- [Required action] Reproduce the records that follow in full, excluding any picture they contain.

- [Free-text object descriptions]
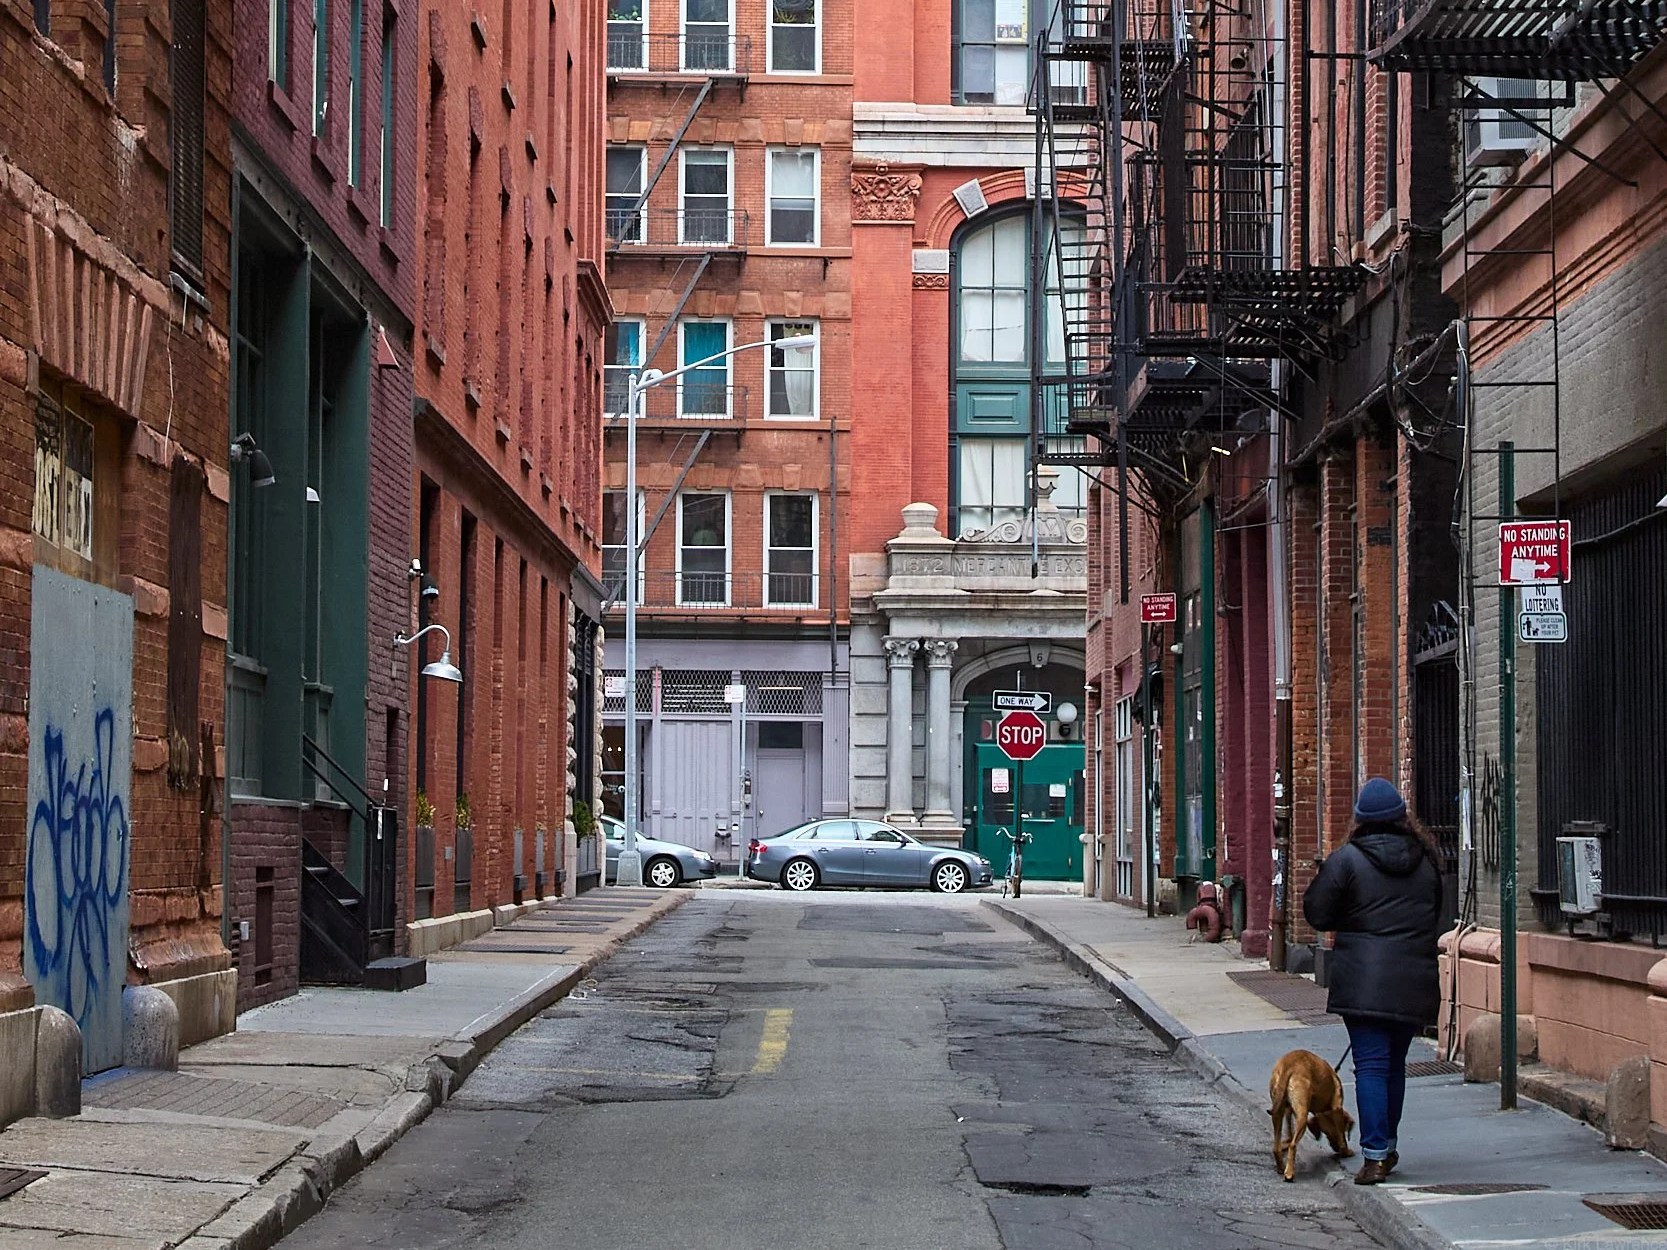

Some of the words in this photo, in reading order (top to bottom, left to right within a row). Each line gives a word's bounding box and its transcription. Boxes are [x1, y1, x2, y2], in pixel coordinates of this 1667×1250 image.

[1504, 529, 1517, 542] NO
[1520, 527, 1566, 541] STANDING
[1511, 544, 1558, 558] ANYTIME
[902, 556, 945, 572] 1872
[953, 557, 1048, 573] MERCANTIE
[1535, 583, 1547, 596] NO
[1525, 597, 1559, 611] LOITERING
[1036, 652, 1043, 662] 6
[1000, 696, 1016, 705] ONE
[1018, 697, 1034, 706] WAY
[1001, 725, 1042, 745] STOP
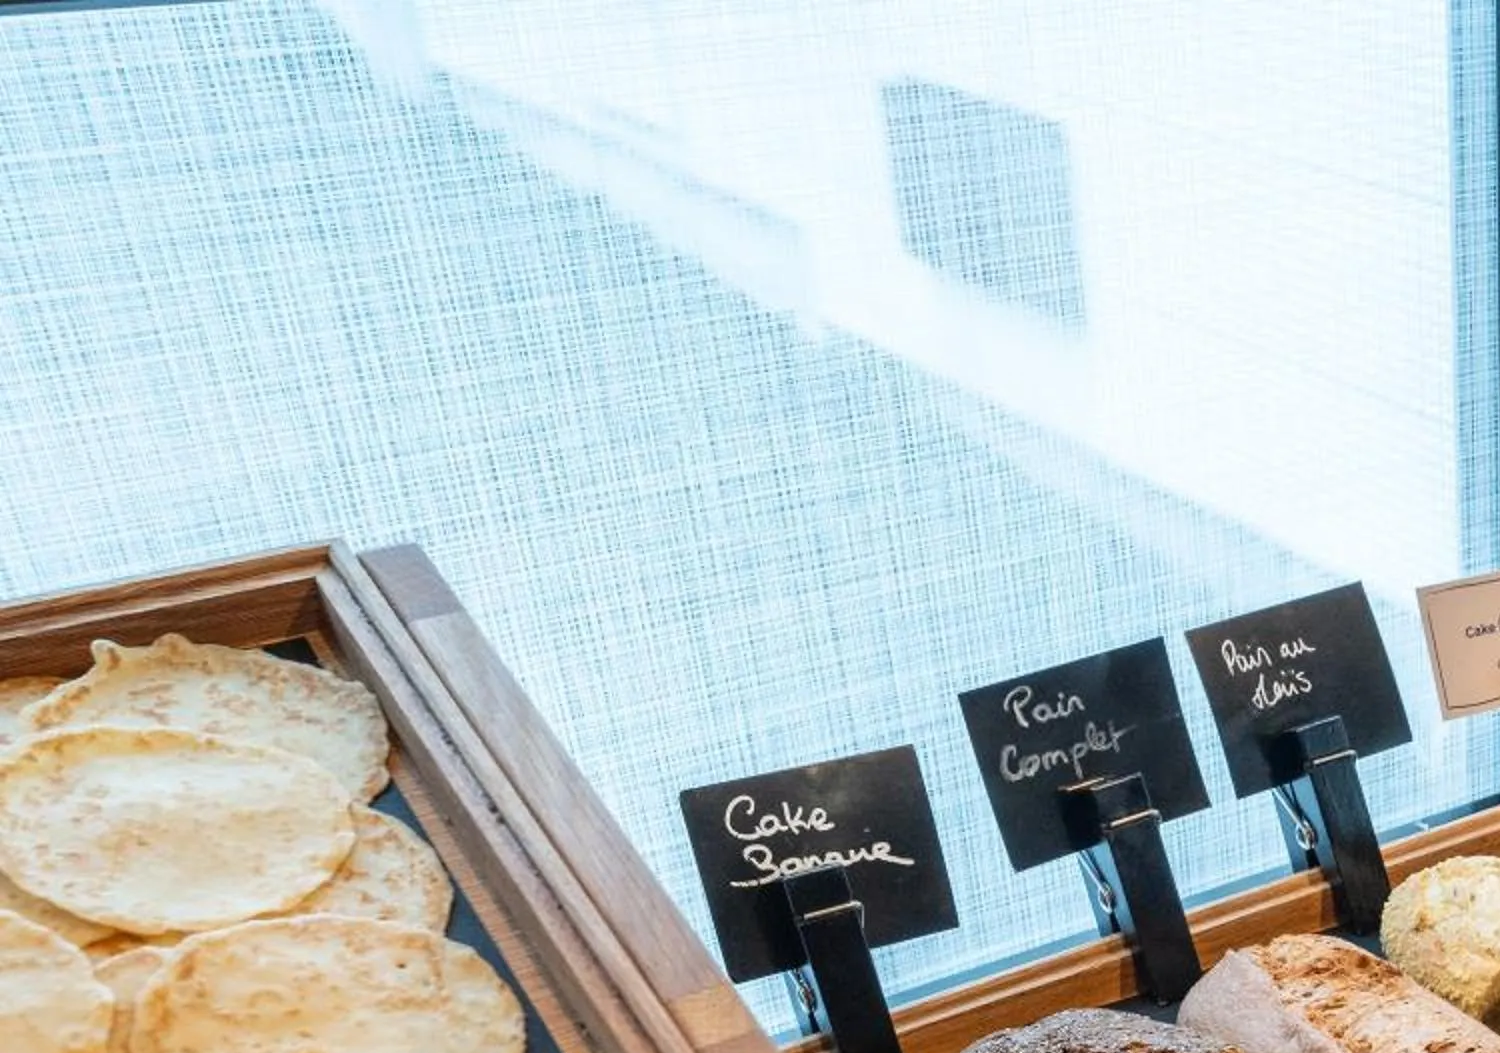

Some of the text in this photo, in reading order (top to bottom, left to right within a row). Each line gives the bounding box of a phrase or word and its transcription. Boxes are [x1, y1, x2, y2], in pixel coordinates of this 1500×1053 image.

[1221, 637, 1316, 677] Pain au
[1003, 685, 1085, 728] Pain
[1000, 720, 1138, 783] Complet
[725, 795, 835, 840] Cake
[730, 841, 915, 886] Banane

- [Solution for this problem]
Some of the words in this photo, in reading order (top to bottom, left to right within a row). Each line gives a word's bounding box and its transcription. Boxes are [x1, y1, x2, y2], in pixel coordinates of this 1667×1250 image.

[1504, 529, 1517, 542] NO
[1520, 527, 1566, 541] STANDING
[1511, 544, 1558, 558] ANYTIME
[902, 556, 945, 572] 1872
[953, 557, 1048, 573] MERCANTIE
[1535, 583, 1547, 596] NO
[1525, 597, 1559, 611] LOITERING
[1036, 652, 1043, 662] 6
[1000, 696, 1016, 705] ONE
[1018, 697, 1034, 706] WAY
[1001, 725, 1042, 745] STOP

Some of the text in this photo, in reading order (top to bottom, left to right within a row). Each line gives the bounding box of a phrase or word and its transcription. Boxes are [x1, y1, x2, y2], in pixel coordinates of this 1500×1053 image.

[1221, 637, 1316, 677] Pain au
[1003, 685, 1085, 728] Pain
[1000, 720, 1138, 783] Complet
[725, 795, 835, 840] Cake
[730, 841, 915, 886] Banane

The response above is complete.